Exercise -
Each entry should be copied as it stands, leaving the pictures behind.

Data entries
╔══
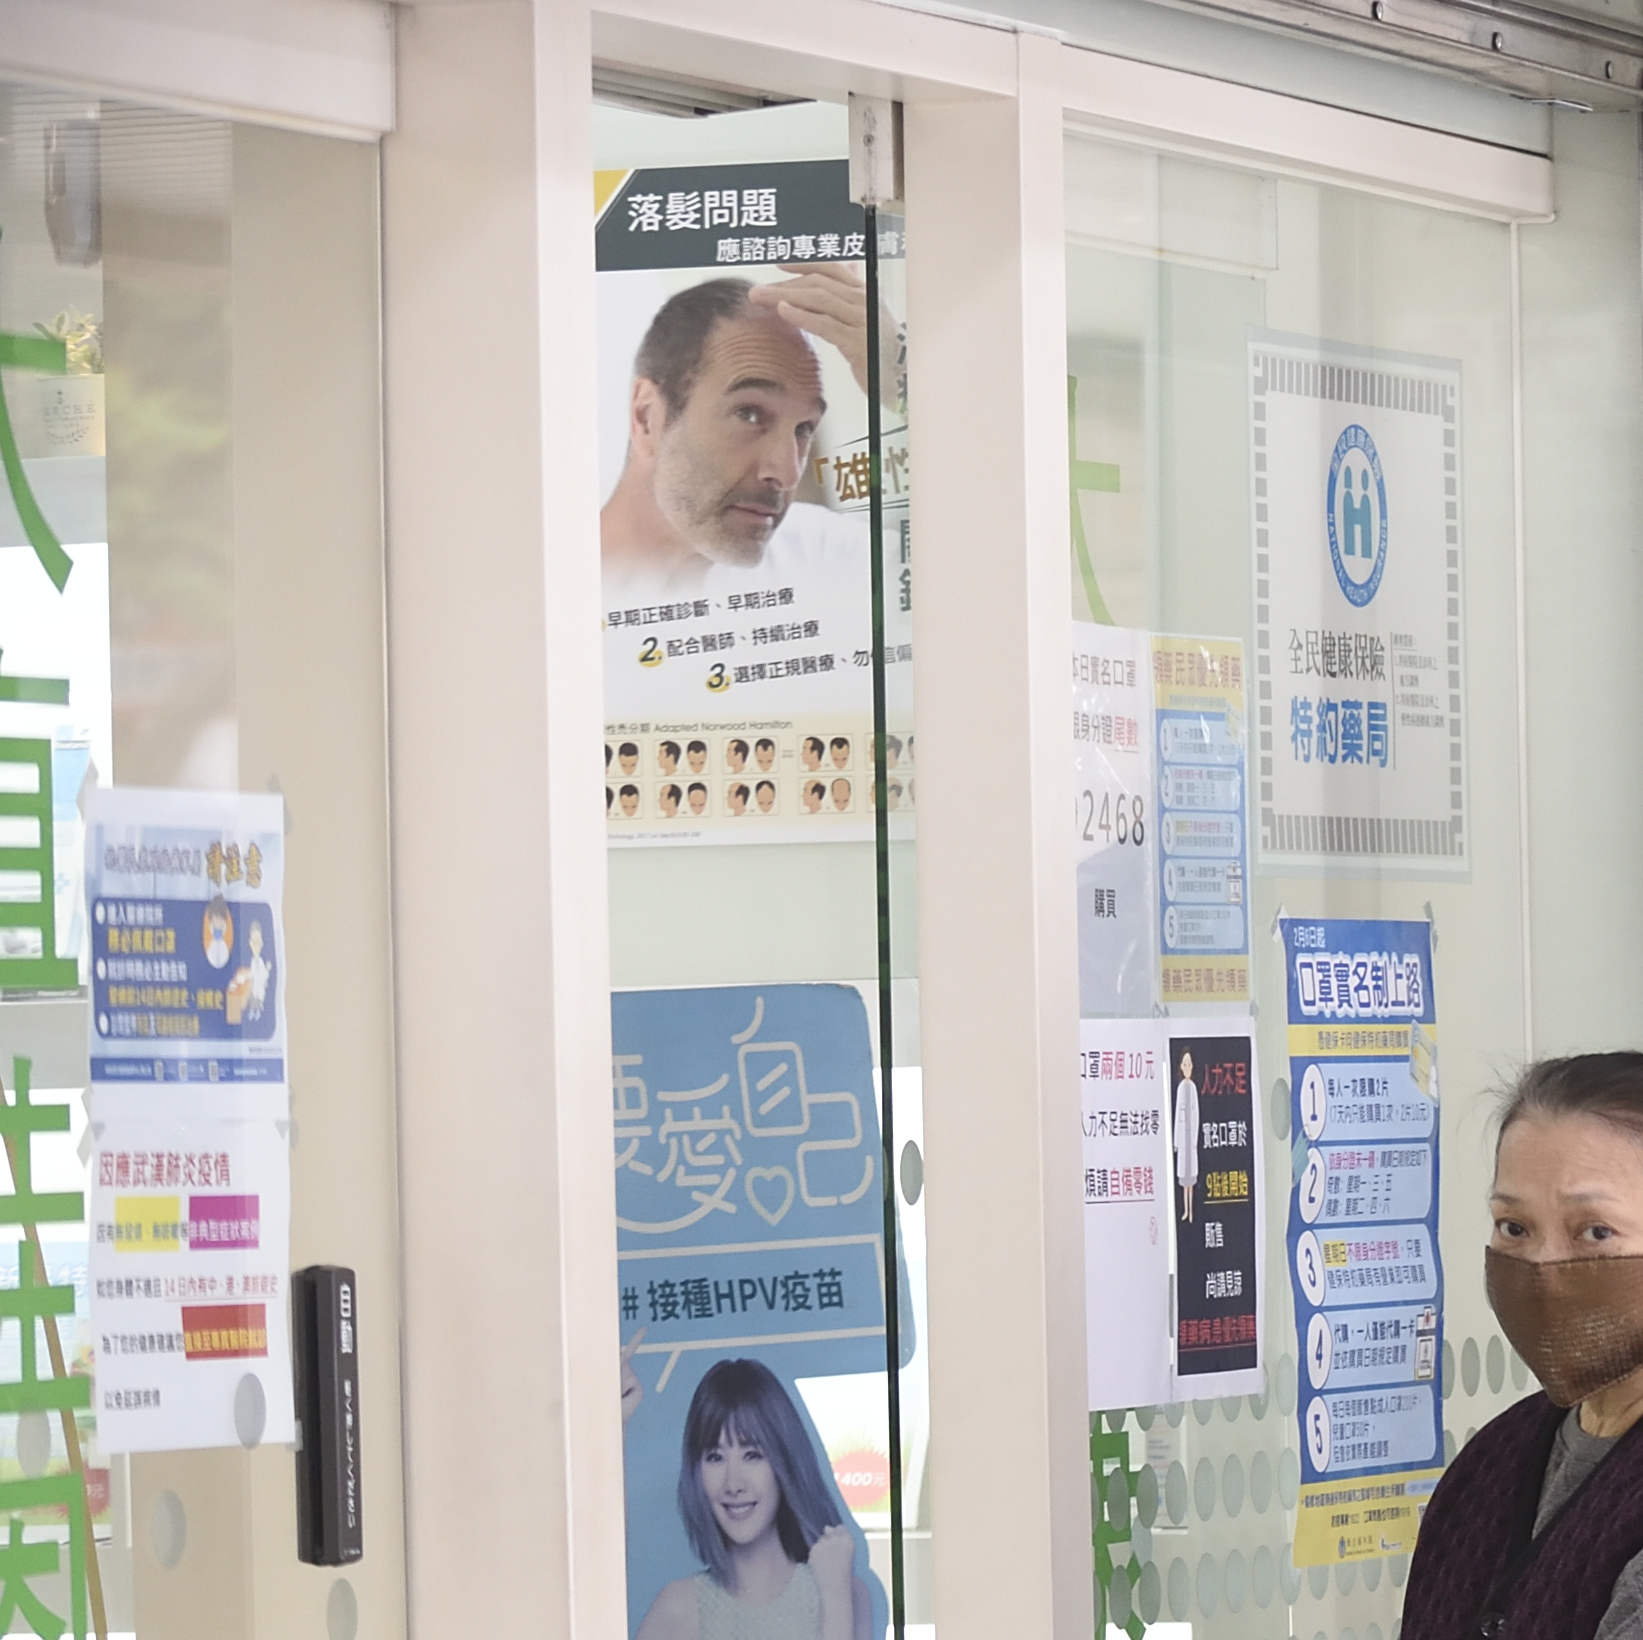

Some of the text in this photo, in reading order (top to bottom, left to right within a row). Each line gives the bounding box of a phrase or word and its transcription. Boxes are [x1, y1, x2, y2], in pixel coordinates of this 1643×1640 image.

[627, 188, 777, 233] 落髮問題
[608, 588, 794, 629] 早期正確診斷、早期治療
[639, 620, 820, 663] 2. 配合醫師、持續治療
[1289, 629, 1386, 681] 全民健康保險
[708, 662, 730, 689] 3.
[654, 723, 699, 733] Adapted
[1291, 695, 1388, 768] 特約藥局
[1075, 789, 1145, 847] 2468
[1094, 888, 1117, 918] 購買
[1297, 956, 1423, 1014] 口罩實名制上路
[1201, 1062, 1248, 1097] 人力不足
[1309, 1081, 1318, 1122] 1
[1202, 1121, 1248, 1149] 實名口罩於
[99, 1151, 231, 1189] 因應武漢肺炎疫情
[1085, 1166, 1155, 1198] 煩請自備零錢
[1205, 1170, 1249, 1199] 9點後開始
[1308, 1162, 1317, 1204] 2
[1205, 1222, 1224, 1249] 販售
[1205, 1270, 1242, 1299] 尚請見諒
[1306, 1247, 1316, 1288] 3
[647, 1267, 844, 1323] 接種HPV疫苗
[1315, 1329, 1323, 1369] 4
[1314, 1413, 1323, 1455] 5
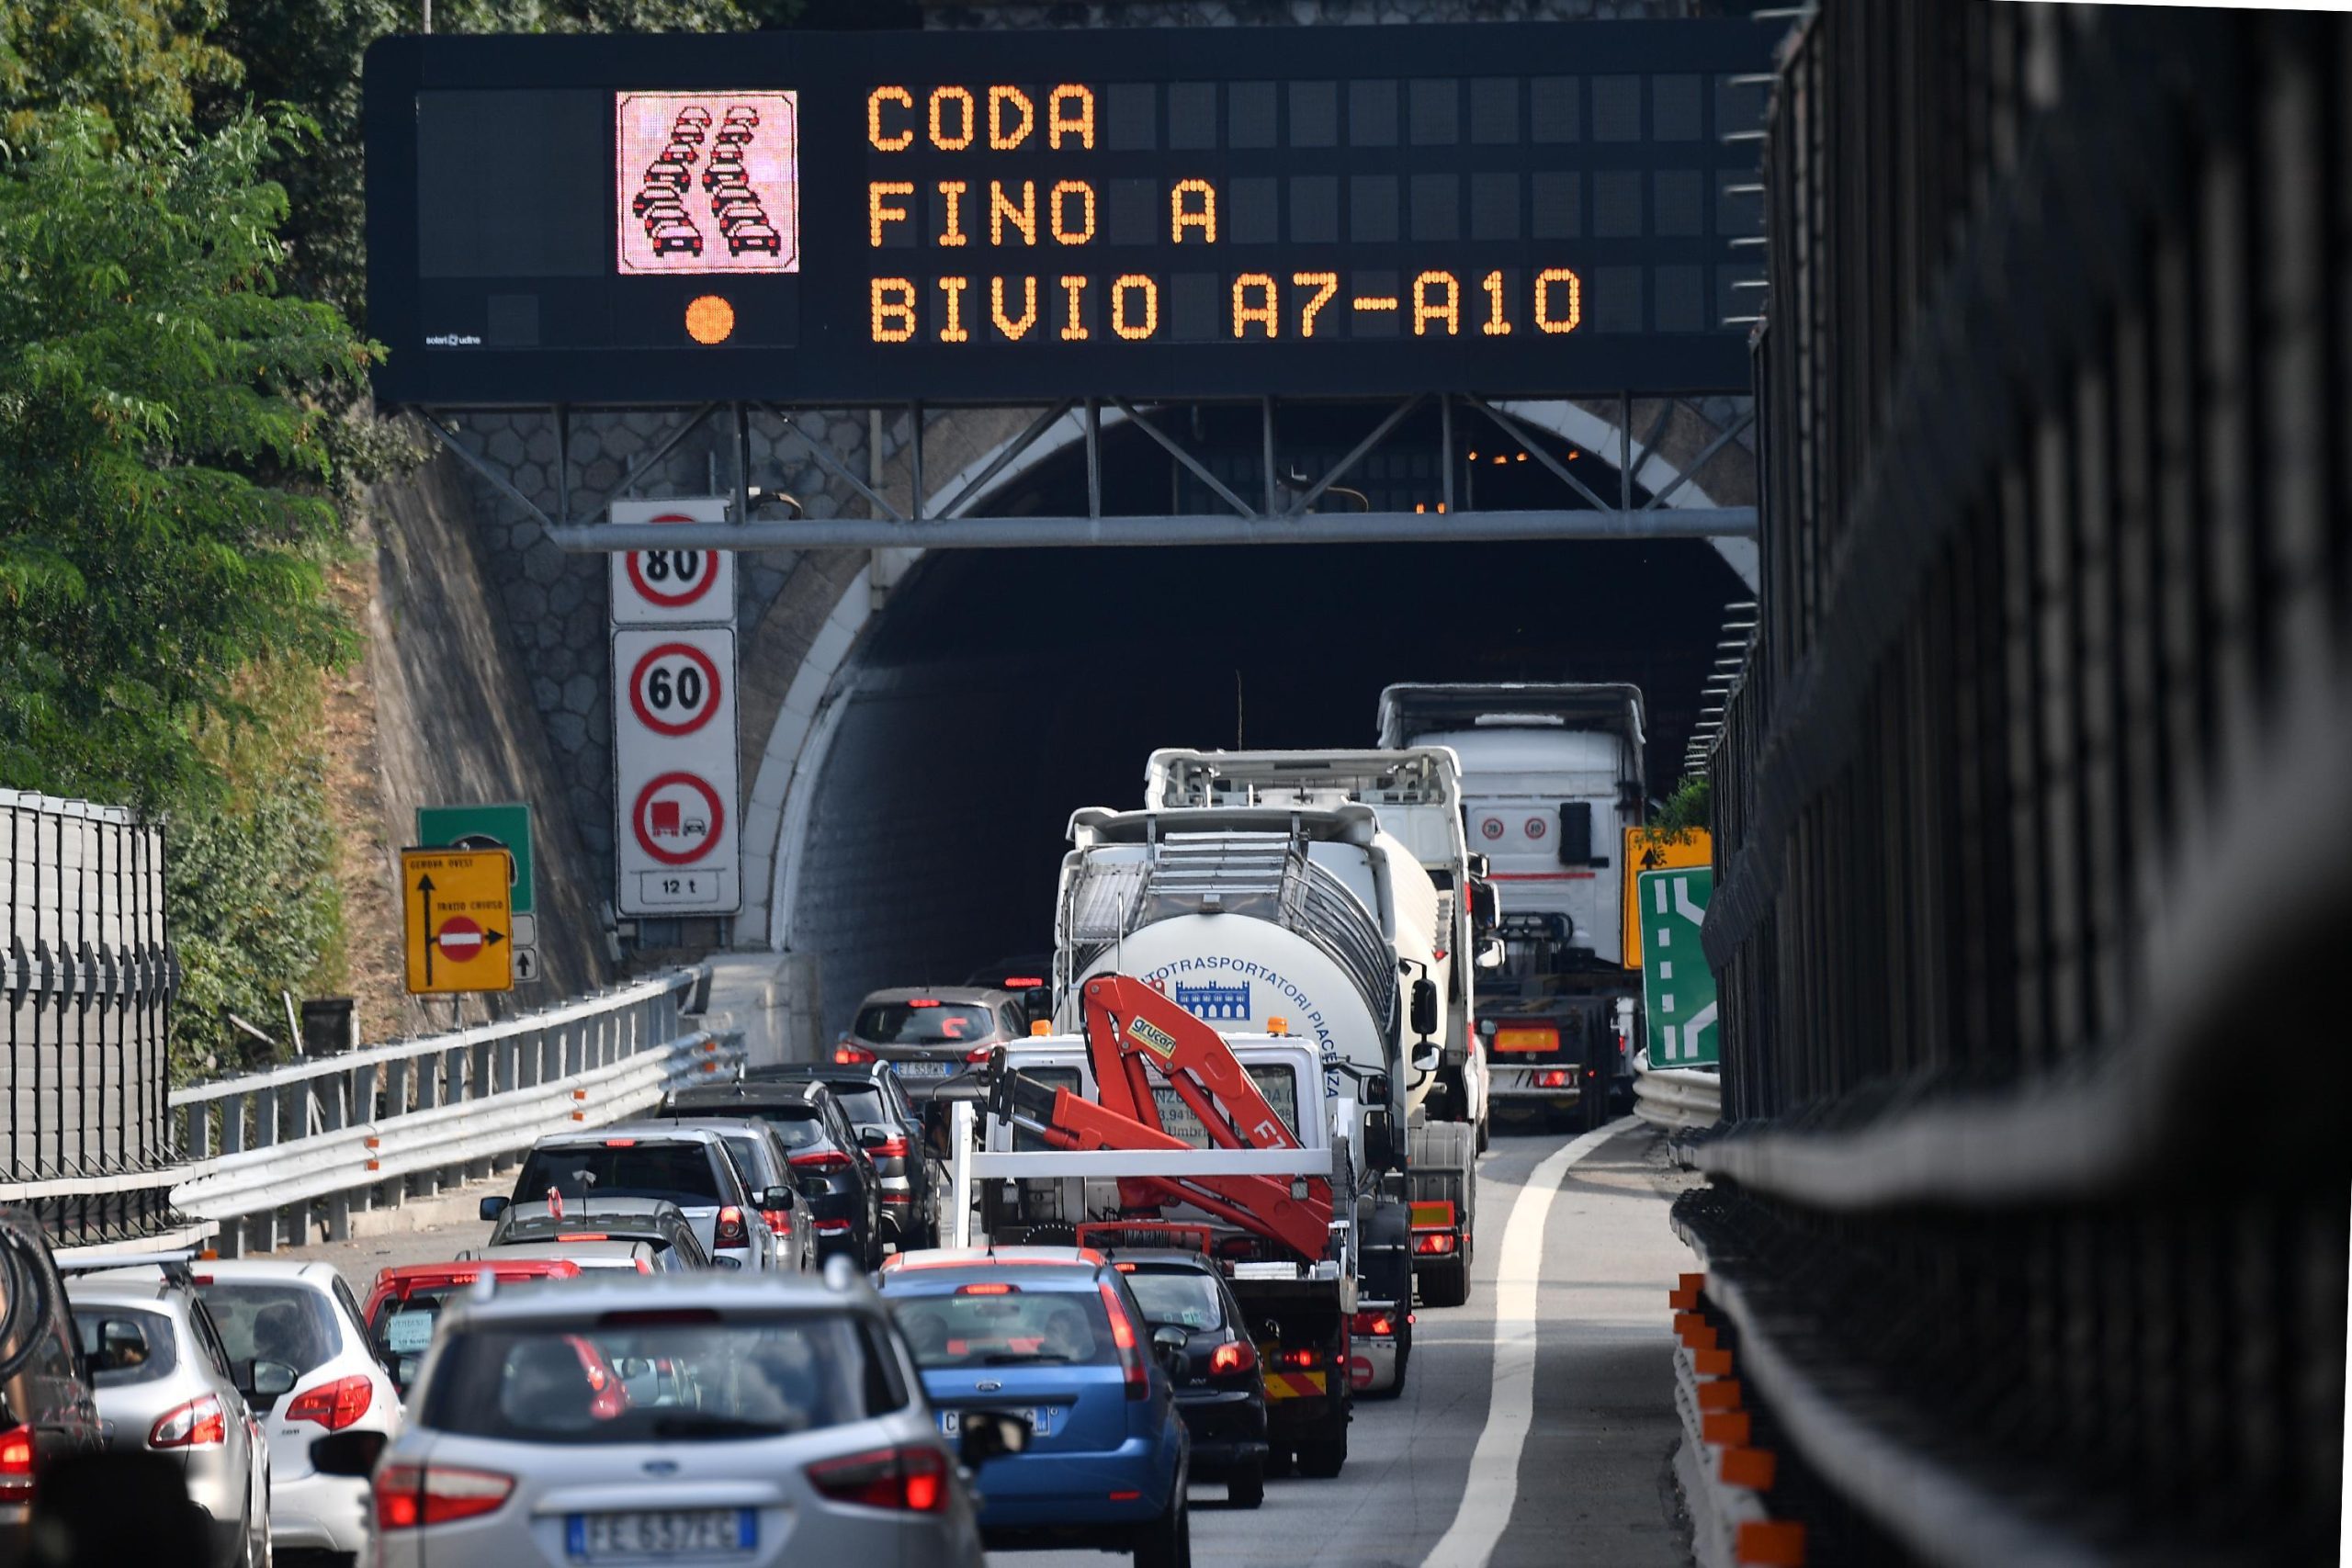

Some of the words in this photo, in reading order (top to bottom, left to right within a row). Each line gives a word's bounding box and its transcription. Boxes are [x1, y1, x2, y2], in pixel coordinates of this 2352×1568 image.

[867, 84, 1093, 151] CODA
[869, 179, 1094, 246] FINO
[1171, 179, 1216, 243] A
[871, 274, 1157, 342] BIVIO
[1232, 268, 1580, 338] A7-A10
[647, 549, 698, 581] 80
[649, 667, 701, 710] 60
[662, 879, 680, 894] 12
[688, 879, 696, 894] t
[1141, 956, 1312, 1011] TOTRASPORTATORI
╚══
Written answer -
Some of the text in this photo, in reading order (top to bottom, left to right within a row). Each line gives the bounding box of a phrase or word and its transcription. Boxes are [x1, y1, x2, y2], in pixel coordinates of this 1643×1640 image.

[627, 188, 777, 233] 落髮問題
[608, 588, 794, 629] 早期正確診斷、早期治療
[639, 620, 820, 663] 2. 配合醫師、持續治療
[1289, 629, 1386, 681] 全民健康保險
[708, 662, 730, 689] 3.
[654, 723, 699, 733] Adapted
[1291, 695, 1388, 768] 特約藥局
[1075, 789, 1145, 847] 2468
[1094, 888, 1117, 918] 購買
[1297, 956, 1423, 1014] 口罩實名制上路
[1201, 1062, 1248, 1097] 人力不足
[1309, 1081, 1318, 1122] 1
[1202, 1121, 1248, 1149] 實名口罩於
[99, 1151, 231, 1189] 因應武漢肺炎疫情
[1085, 1166, 1155, 1198] 煩請自備零錢
[1205, 1170, 1249, 1199] 9點後開始
[1308, 1162, 1317, 1204] 2
[1205, 1222, 1224, 1249] 販售
[1205, 1270, 1242, 1299] 尚請見諒
[1306, 1247, 1316, 1288] 3
[647, 1267, 844, 1323] 接種HPV疫苗
[1315, 1329, 1323, 1369] 4
[1314, 1413, 1323, 1455] 5

Some of the words in this photo, in reading order (top to bottom, left to right within a row). Each line gives a word's bounding box and its transcription. Boxes are [x1, y1, x2, y2], in pixel coordinates of this 2352×1568 image.

[867, 84, 1093, 151] CODA
[869, 179, 1094, 246] FINO
[1171, 179, 1216, 243] A
[871, 274, 1157, 342] BIVIO
[1232, 268, 1580, 338] A7-A10
[647, 549, 698, 581] 80
[649, 667, 701, 710] 60
[662, 879, 680, 894] 12
[688, 879, 696, 894] t
[1141, 956, 1312, 1011] TOTRASPORTATORI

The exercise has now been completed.